Required work
An exact repetition of every entry, with no images, is the required answer.

Dataset records
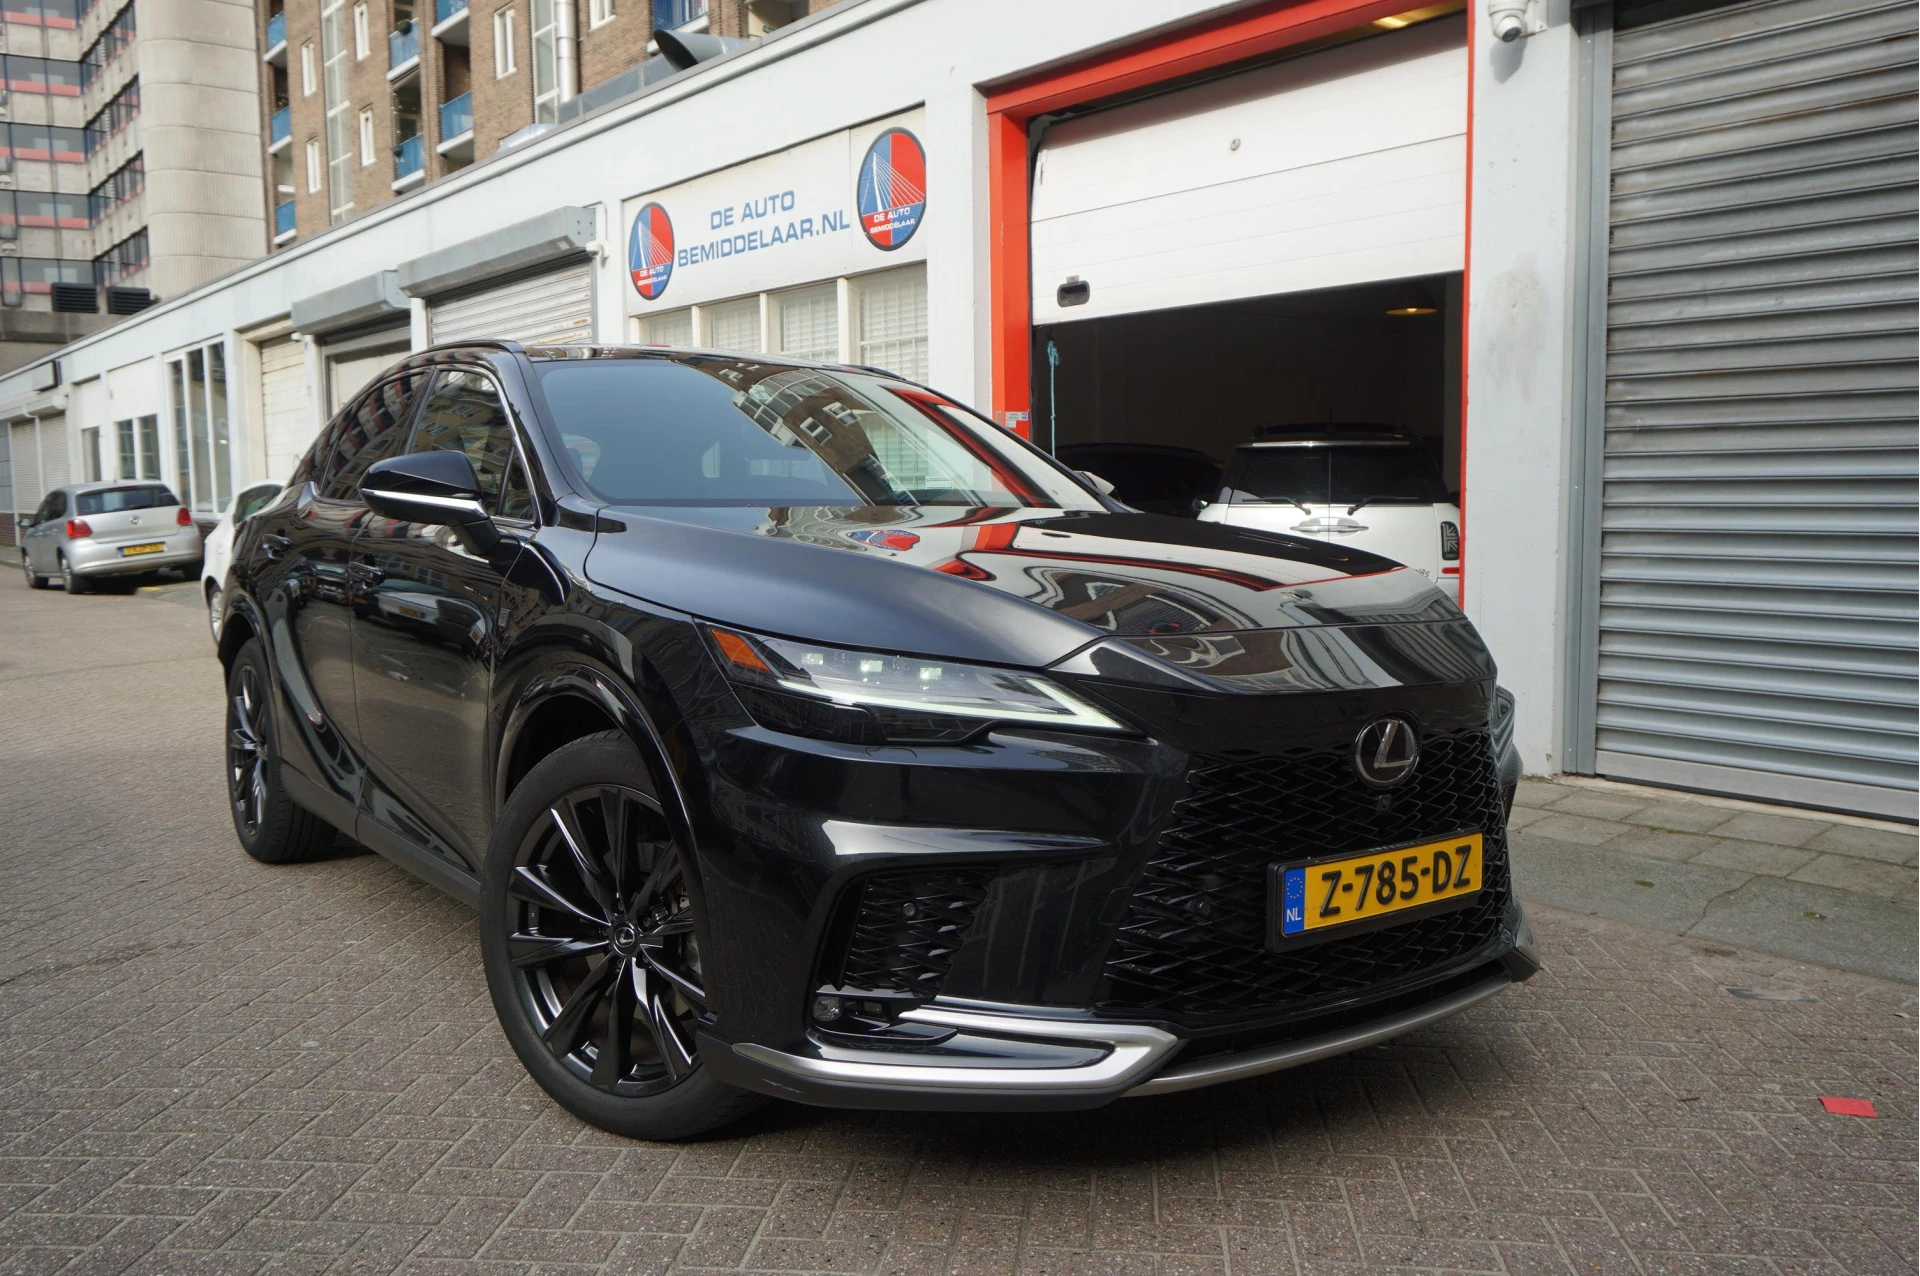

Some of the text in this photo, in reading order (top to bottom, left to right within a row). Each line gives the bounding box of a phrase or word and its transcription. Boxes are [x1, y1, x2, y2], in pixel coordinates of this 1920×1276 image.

[710, 190, 794, 230] DE AUTO
[873, 206, 911, 223] DE AUTO
[678, 209, 850, 267] BEMIDDELAAR.NL
[1319, 844, 1472, 918] Z-785-DZ
[1286, 907, 1302, 922] NL
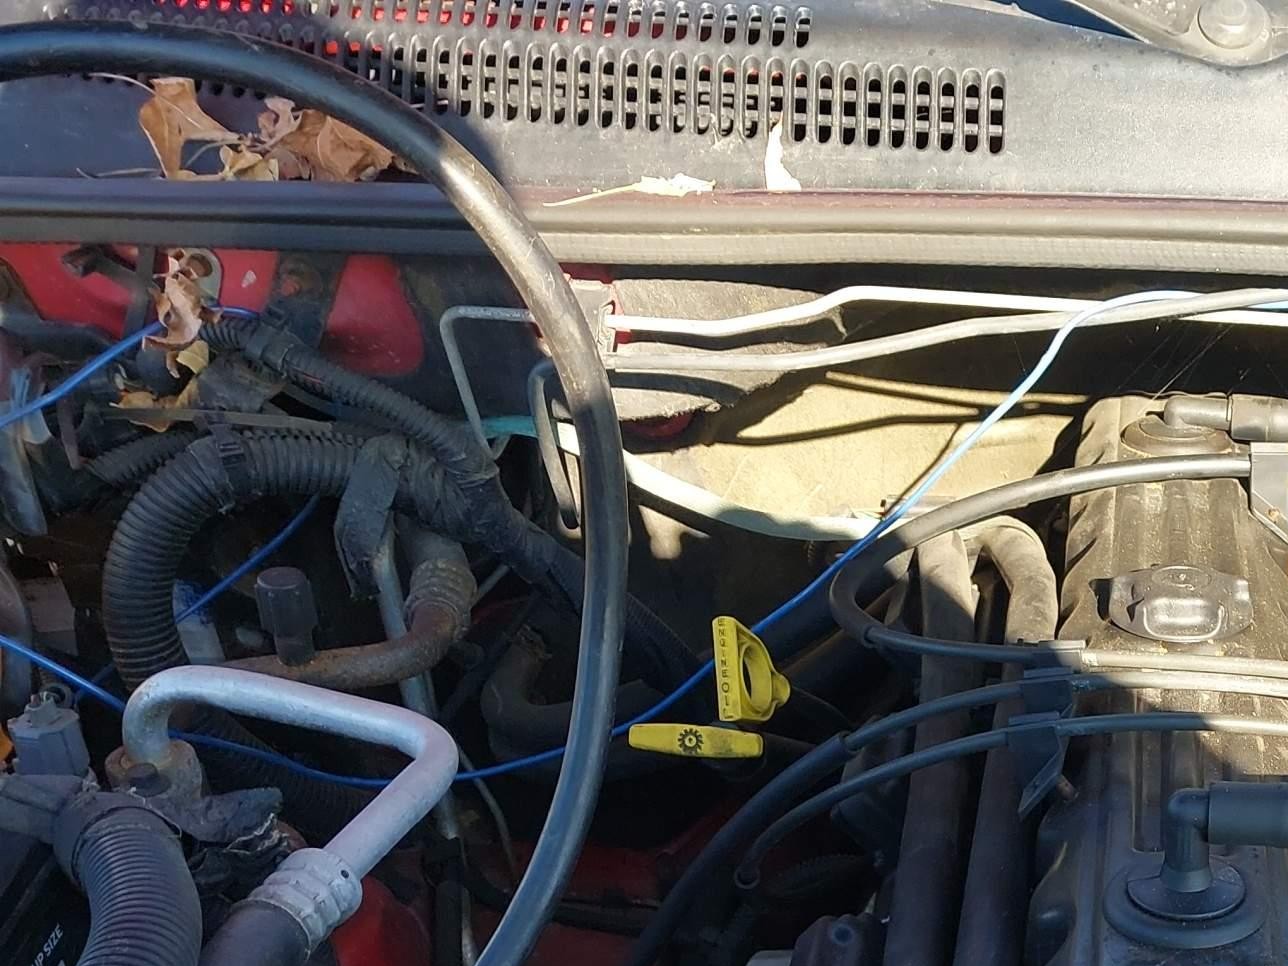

Exercise solution
Some of the text in this photo, in reading order (top to bottom, left to right within a row). Each line gives the bounding box of a phrase or word and its transcription. Boxes are [x1, y1, x2, y2], in pixel coordinates of this 1920×1276 image.

[710, 190, 794, 230] DE AUTO
[873, 206, 911, 223] DE AUTO
[678, 209, 850, 267] BEMIDDELAAR.NL
[1319, 844, 1472, 918] Z-785-DZ
[1286, 907, 1302, 922] NL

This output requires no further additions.